Is now the time for Howe or will Slot machine pay out in Carabao Cup final?

Mar 13, 2025 3 min read
Eddie Howe and Arne Slot go head to head for silverware on Sunday (PA)
Eddie Howe and Arne Slot go head to head for silverware on Sunday (PA)

The Carabao Cup final sees two managers chasing their first trophy with their clubs having endured differing fortunes this season.

Here the PA news agency takes a closer look at the two rivals.

Eddie Howe (Newcastle)

Newcastle manager Eddie Howe waves to the crowd
Eddie Howe is chasing his first trophy and Newcastle’s first for 70 years (Owen Humphreys/PA)

Eddie Howe arrived at St James’ Park in November 2021 knowing he was not the first choice of the club’s new owners as they sought a replacement for Steve Bruce with Unai Emery having turned their offer down.

The impact the 47-year-old has made since might suggest they got lucky despite Emery’s success at Aston Villa since he was finally persuaded to leave Villarreal less than a year later.

Having launched his coaching career in his 20s at youth level at Bournemouth after his playing career had been ended prematurely by a knee injury, Howe swiftly – and somewhat reluctantly – found himself elevated to senior level, and he has never looked back.

In two spells with the Cherries amounting to 10 years – he briefly left the south coast for Burnley – he steered the club from the depths of Sky Bet League Two and a financial crisis into the Premier League, only standing down in 2020 after their five-season stay had drawn to a close.

A studious coach, he spent his time out of the game compiling a detailed dossier ready for his return and after rejecting Celtic amid difficulties over the appointment of his backroom team, chose to relaunch his career with a relegation fight at Newcastle.

It is a measure of the job he has done – albeit aided in no small part by an investment in new signings in excess of £400million – that he dragged the Magpies from 19th place the day he arrived into a Carabao Cup final and the Champions League for the first time in two decades inside 18 months.

Astute squad reinforcement and excellent coaching – his ability to improve the players he inherited has been a feature of his tenure – have helped to create an environment geared towards lasting success.

However, the time is fast-approaching when even a man whose level-headed approach to his job has brought a calm to the chaos on Tyneside needs a tangible return on all the money and effort, and victory at Wembley for a club which has not won a major domestic trophy for 70 years would represent just that.

Arne Slot (Liverpool)

Liverpool head coach Arne Slot raises his right fist
Liverpool head coach Arne Slot has enjoyed a remarkable maiden season (Nick Potts/PA)

Whatever the result at Wembley, Slot has already exceeded expectations at Anfield.

Given the unenviable task of taking over from Jurgen Klopp there was, externally, an understandable rebalancing of ambitions for this season because no one could do what Klopp did, right?

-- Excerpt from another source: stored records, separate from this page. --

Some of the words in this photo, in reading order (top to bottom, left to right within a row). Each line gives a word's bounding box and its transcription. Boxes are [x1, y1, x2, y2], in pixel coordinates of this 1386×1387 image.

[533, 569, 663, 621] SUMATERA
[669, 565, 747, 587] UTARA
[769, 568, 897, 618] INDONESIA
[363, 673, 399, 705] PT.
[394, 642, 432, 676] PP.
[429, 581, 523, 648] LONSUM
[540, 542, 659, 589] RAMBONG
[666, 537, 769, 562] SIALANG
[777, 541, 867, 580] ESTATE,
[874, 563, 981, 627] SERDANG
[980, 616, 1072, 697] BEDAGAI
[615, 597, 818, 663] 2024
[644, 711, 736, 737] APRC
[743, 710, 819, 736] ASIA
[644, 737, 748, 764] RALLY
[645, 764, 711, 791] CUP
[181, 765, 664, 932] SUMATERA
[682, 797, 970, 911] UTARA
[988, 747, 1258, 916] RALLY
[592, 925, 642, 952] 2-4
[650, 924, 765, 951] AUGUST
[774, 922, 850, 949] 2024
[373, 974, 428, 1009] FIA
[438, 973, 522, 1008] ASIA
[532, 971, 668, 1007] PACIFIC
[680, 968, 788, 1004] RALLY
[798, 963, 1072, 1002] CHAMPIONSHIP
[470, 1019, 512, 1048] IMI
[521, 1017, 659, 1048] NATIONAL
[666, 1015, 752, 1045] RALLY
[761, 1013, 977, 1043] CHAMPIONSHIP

Wrong.

While the wider view was that Liverpool should be happy with a top-four finish during the transition, that was not the opinion of Slot when the season kicked off.

The Dutchman knew he had inherited a top-class squad, Klopp’s bequest to him had been a midfield completely overhauled 12 months earlier, and as it was such an upgrade on his Feyenoord playing staff he was excited by the possibilities.

Part of the criteria which got Slot the job was his reputation for improving players but he could only have dreamed that Mohamed Salah would enjoy arguably the season of his career.

With the Egypt international as the spearhead and Virgil van Dijk the rock at the back, Slot set about tweaking, not disassembling, the Klopp formula and it has paid huge dividends.

They are odds-on to win the Premier League title for the first time in five years having lost just once in opening up a 15-point advantage at the top, although Tuesday’s Champions League exit at the hands of Paris St Germain was a setback.

And all without the need to spend heavily in the transfer market with Federico Chiesa, who has not even been a bit-part player, the only arrival in August for a paltry £12.5m.

Slot’s football is more controlled than his predecessor’s but, when it clicks, no less entertaining or effective.

Winning the first trophy available to him will be validation of that and while a greater prize may be waiting a Wembley win will be no less significant.